Bad Machinery Paper
Wed 19 May 2021
Thanks to my accomodating erstwhile colleagues, I'm able to publish the original paper (with minor redactions so it makes sense for an external audience). A version of this paper later became Chapter 29 of the SRE Book.
To add a little bit of extra colour, the document came out of some lessons learned on Storage SRE (specifically Bigtable/Colossus), that I ran directly back in the early 2010s -- The date I have on this document is 2016, but I know it was around long before that.
Storage SRE back then was something of an anomaly -- there were a number of teams that managed storage services (the above, but also some various other services, some of which where purely internal and never saw the light of day). To amalgamate these services meant that we potentially won a bunch of OMG synergy because of the base assumptions made in design that were unique to services that kept data. Google started out as a search company with a throwaway, re-scrape-able corpus (built on GFS, which wasn't designed to persist data), so it was natural for us to have a couple of goes at stateful services, and see what stuck.
So, while you might imagine that lumping services of a similar shape together is a good thing to reduce duplication of effort (and you'd be mostly right), other factors include service maturity, generalised attitude toward production, and even come down to the vagaries of the dev/SRE relationship, or of engineering leadership as a whole.
So around then, we had a Bigtable and Colossus service that generally worked remarkably well. We had challenges in observability, and in developing the tech around load-sharing of users on a shared compute/storage pool. This later became known as running a multi-single-tenant architecture, although at the time we saw it as fairly chaotic - not all the tooling had been done, and some of the assumptions and prior art we have the benefit of today wasn't a thing, yet.
While others looked at this as a purely technical problem, myself and a couple of key leads saw this as a problem of focus. Google in its earlier days had faced additional problems of scale like this -- where esentially we could keep digging, or we could put in place a set of attitudes and approaches that enabled us getting out of the hole we were in as far as interrupts are. Some of these problems fell into the "We will need 5000 people to edit config files" or "We will need more hard drives than humanity is making" variety, which really do need 'creative solutions').
One of the anti-patterns we observed at the time was a tendency among folks on both Dev and SRE teams to concentrate on speedy detection and resolution of issues (The 'Rocks with Eyes" method, as succinctly described at the time). Being able to know when things are busted is important -- but the followup is key. Oncall and interrupts are fundamentally a waste of time and should be minimised, so signing up for extra seems not a great approach.
I had a separate paper related to this one called something like 'email alerts are from the past' -- and my real-life experience of that was coaching some key team members through some of the above approaches. We had folks who felt that they needed to keep getting email alerts, as they had trained themselves to spot patterns, and believed they needed to keep doing this or we'd have more outages. You might step back from this a wee bit and recognise that this was a set of people who were inadvertently being profoundly disrespectful of their own time.
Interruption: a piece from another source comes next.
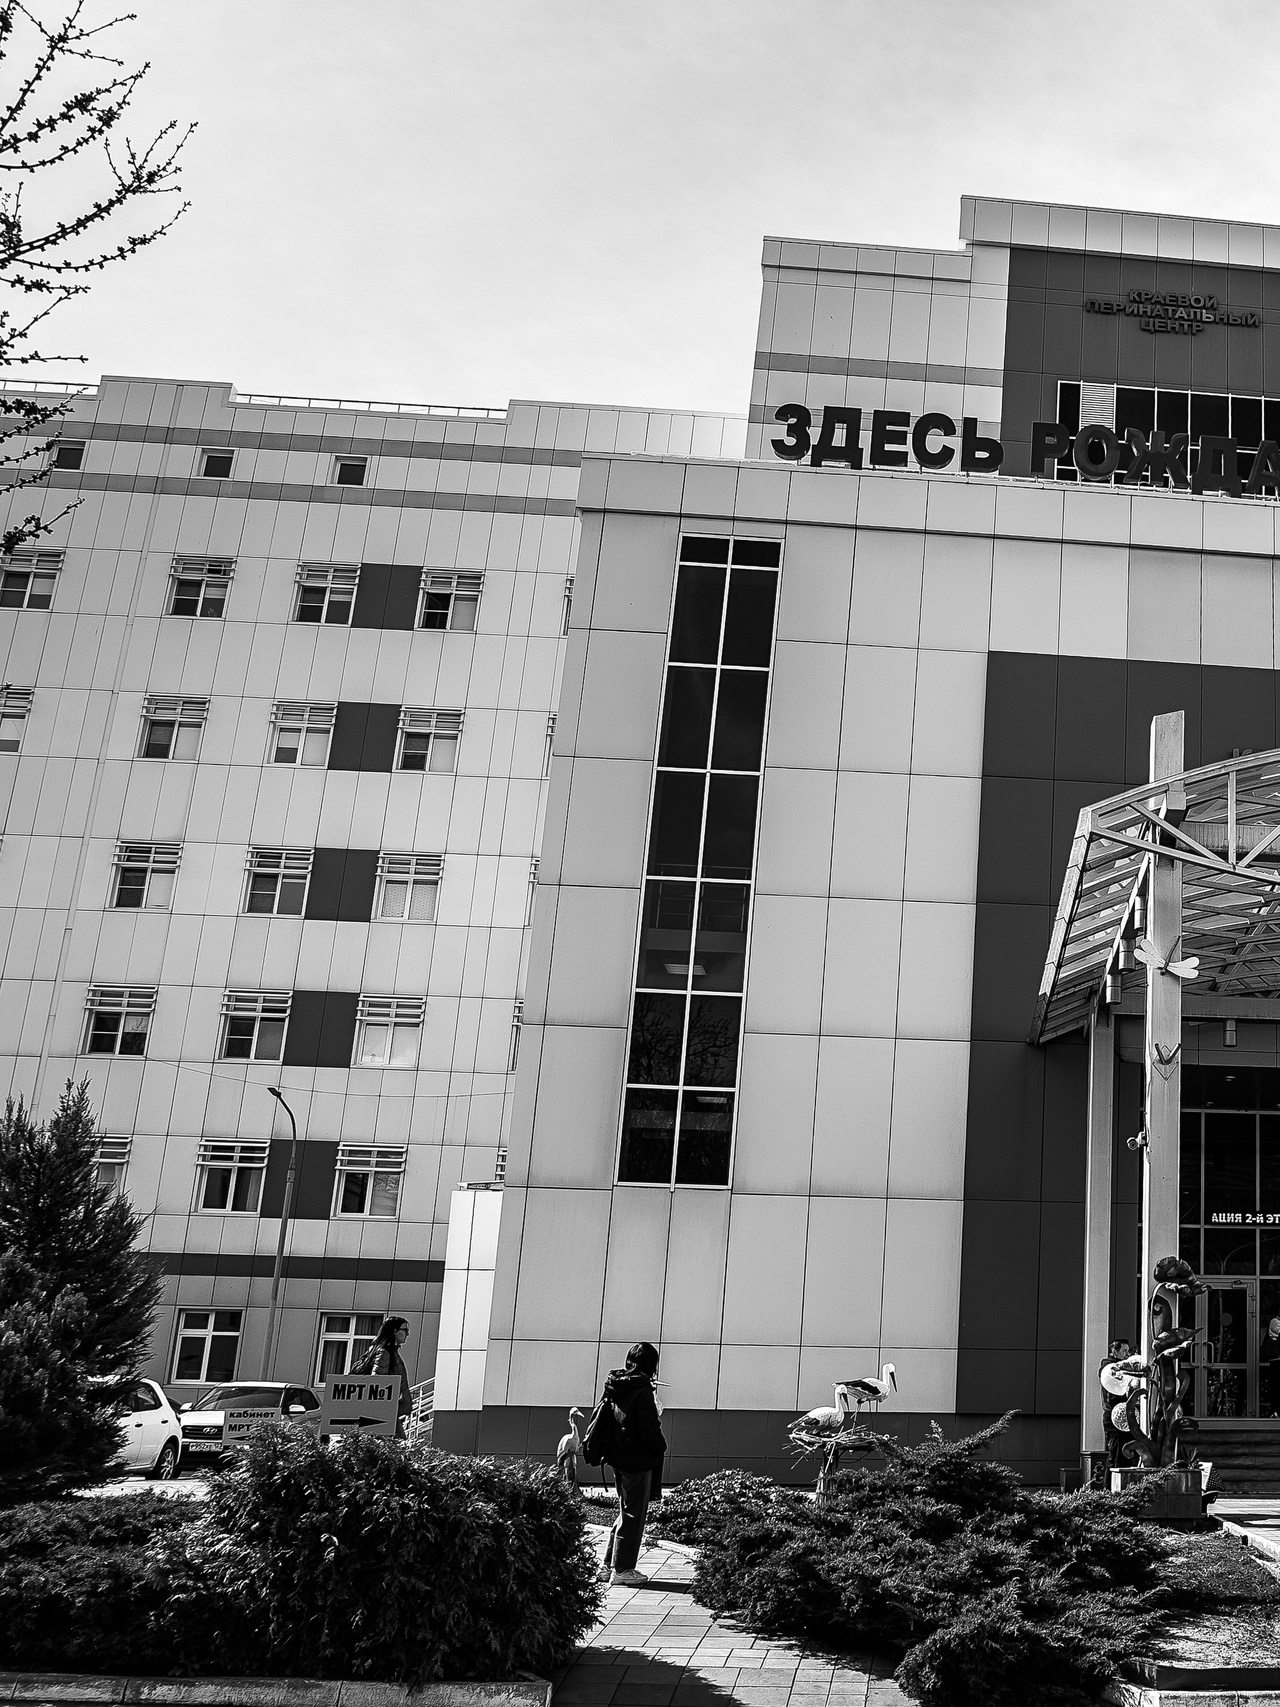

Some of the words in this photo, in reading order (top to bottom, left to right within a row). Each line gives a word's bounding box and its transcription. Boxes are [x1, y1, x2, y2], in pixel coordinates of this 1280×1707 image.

It's not because they were bad people of course, it's because they were busy people, and firefighting had found its way into their muscle memory.
In the end (in this example), myself and senior TL on the team ended up unilaterally turning off email alerts. She sent me the code review, I approved it, done. It was clear that we weren't going to reach consensus on whether or not it was a good idea; and while I'm not a fan of this approach in general, it became clear we weren't going to get there (see also the 'consensus is nice' section). In this case, nothing happened. A few folks were briefly sad, but ended up with more time on the clock and more spoons.
That, to my mind, is the outcome of a successful strategy around interrupt management. The interrupts need to be addressed, and in a timely way -- but you as the team responsible hold the ability to do it in a way that doesn't treat people as machines. In addition, interupts are not a closed system - the interrupts you're getting a month from now need to be different from the ones you're getting today -- by finding a better set of first world problems.
But moreso, the way you give yourself the ability to step back and really address the root causes in a noisy system is to respect your time, reduce context switches, and give people both the well-clock time and the spoons to be able to do so.